Jan Arends komt in mijn (onvolledige) dagboeken voor het eerst voor in januari 1951. Ik moet hem echter al eerder hebben ontmoet, getuige de plaatsing van zijn gedicht ‘Lieve Jacoba’ in het eerste nummer van mijn tijdschriftje Spleen van maart 1950. Ik herinner mij dat ik in die tijd nogal eens met Jan bij Café Eylders in Amsterdam aan tafel zat, vanwaar we naar de binnenkomende habitués en nieuwkomers keken. Ik vond hem een stille, vriendelijke jongen en heb van zijn beruchte uitbarstingen nooit iets gemerkt. Hoewel hij vaak bietste (de echte bietsers waren Gerard den Brabander en Ramses Shaffy), bood hij mij ook wel eens wat aan en één keer nodigde hij mij uit om te gaan eten in het atva-gebouw aan de Marnixstraat.
Ik heb Arends nooit opgezocht op een van zijn vele woonadressen, maar kruiste zijn pad zeker wel eens op een feest, misschien bij Leo Klatser of Jan Sierhuis.

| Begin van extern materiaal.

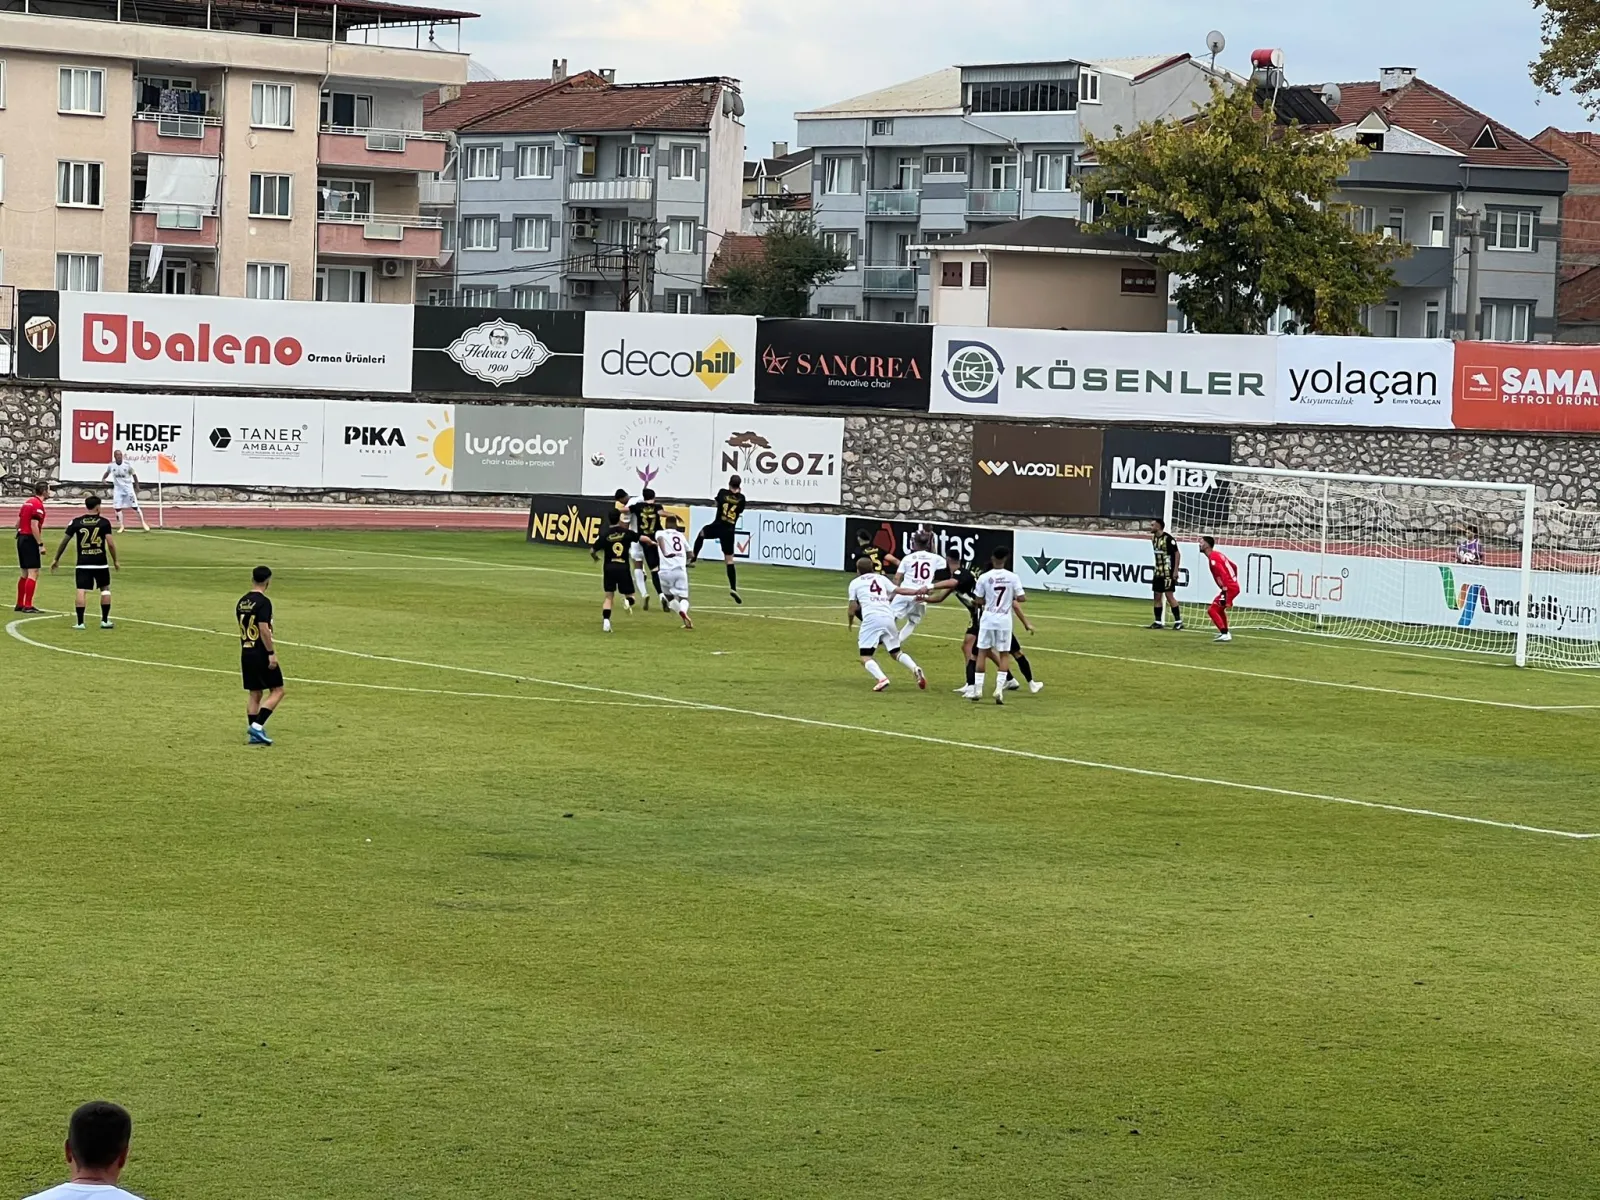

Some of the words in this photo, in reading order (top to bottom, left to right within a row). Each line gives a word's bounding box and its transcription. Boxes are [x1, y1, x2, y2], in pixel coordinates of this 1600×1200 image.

Dat ik hem zo weinig zag, kwam natuurlijk ook doordat ik vanaf 1951 jarenlang in Parijs woonde, waar Jan, voorzover mij bekend, nooit is geweest.
Dat Jan Arends zo langdurig een relatie had met een zekere Iefje, zoals Nico Keuning schrijft, is destijds langs mij heen gegaan. Maar zij komt in mijn dagboek voor als een mooie, blonde Zweedse vrouw, met wie ik in 1954 een (platonische) verhouding had. In mijn bezit is een foto waarop Yvju (zoals ik haar naam spelde) en ik bij Eylders elkaar omarmen. Bij zo'n gelegenheid, noteerde ik, zoende zij me hartstochtelijk en beet daarbij behoorlijk in mijn lip.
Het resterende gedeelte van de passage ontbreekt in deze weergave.